Holding the Consumer Accountable
Is it possible to expect the general public to resist increasingly enticing temptation in the form of rapid-fire product innovation and upgrades and special bargains that are more attractive than ever before? Responsible consumerism is not just about buying green products, it's about changing habits and adopting a lifestyle adapted to the long-term challenges of our society and planet. Can we hold the Black Friday consumer accountable for the excesses of our current lifestyle?
Patagonia's marketing campaign "Don't Buy this Jacket," which coincided with 2011's Black Friday was widely praised for raising awareness against reckless consumerism and promoting an approach of buying good quality which lasts for longer and not more than you actually need. Did this ad persuade consumers not to buy? I doubt it. Did the absence of Patagonia "deals" on Black Friday cut price jackets prevent consumers from buying?
Far more likely.
Ultimately, it will not be consumers who will change the way things work, no matter how positively they respond to surveys about their consumption intentions. Consumers are not leading the drive for consumption; they are the victims of the consumption hype.
In many ways, consumption is an addiction, formed by opportunity, habit and social pressure. The companies that participate in Black Friday and other events throughout the year, such as Summer Sales, Winter Sales, Special Offers, Buy-Two-Get-One-Free Campaigns and more, perpetuate the short-term, volume-driven, profit-oriented, sell-it-cheap approach to business and sway consumer practice in ways which are not sustainable for our planet and society.

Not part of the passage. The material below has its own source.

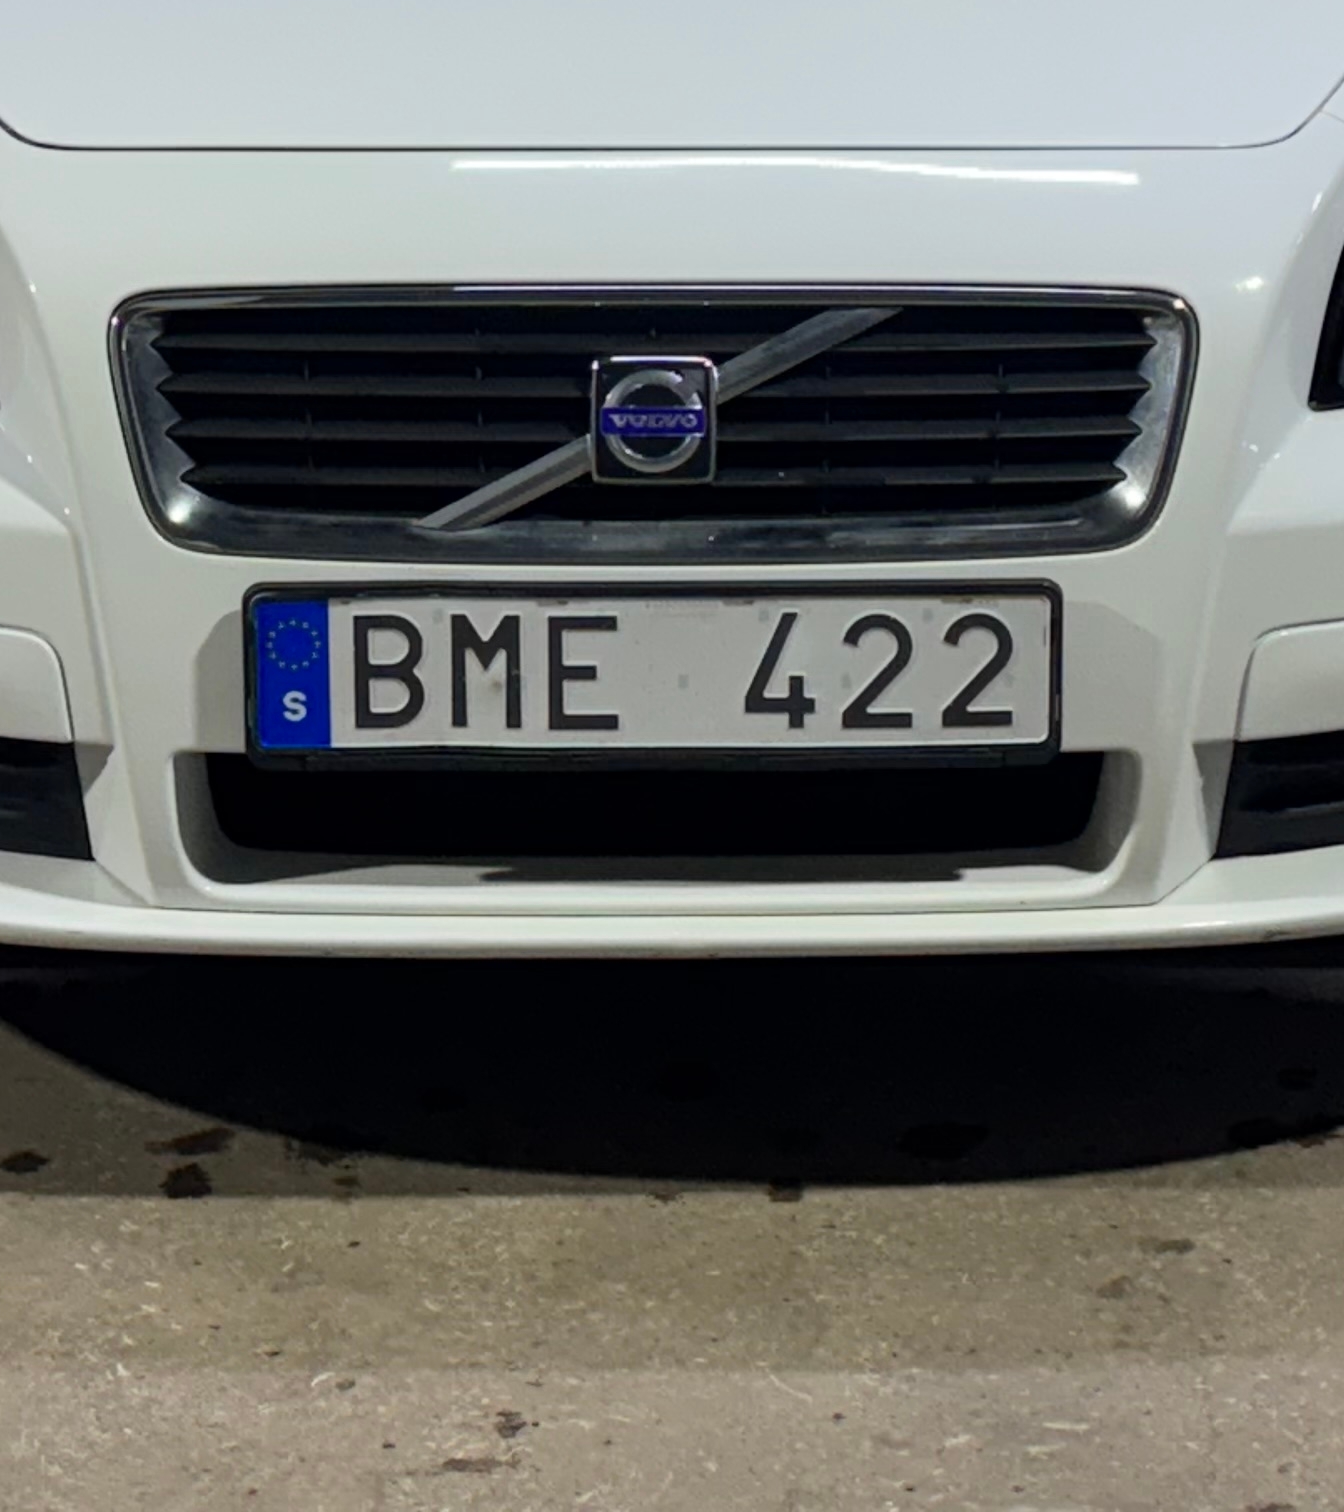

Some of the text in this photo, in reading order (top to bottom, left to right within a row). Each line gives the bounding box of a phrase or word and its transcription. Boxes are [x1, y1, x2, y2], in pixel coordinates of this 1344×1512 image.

[609, 413, 698, 429] VOLVO
[352, 611, 1014, 731] BME 422
[282, 690, 307, 722] S

In this system, everyone thinks they win in the short term but, in practice, it is this system which creates a rather grim long-term. While I do not deny that it is up to all of us to play a role in influencing change, and that may mean adopting a practice of Buy Nothing on Black Friday, I've also seen that the corporate power to entice is much greater than the individual consumer will to resist.
Black Friday is an expression of irresponsible consumerism at its worst and it is driven by the promise of profit for few at the expense of sustainability for all.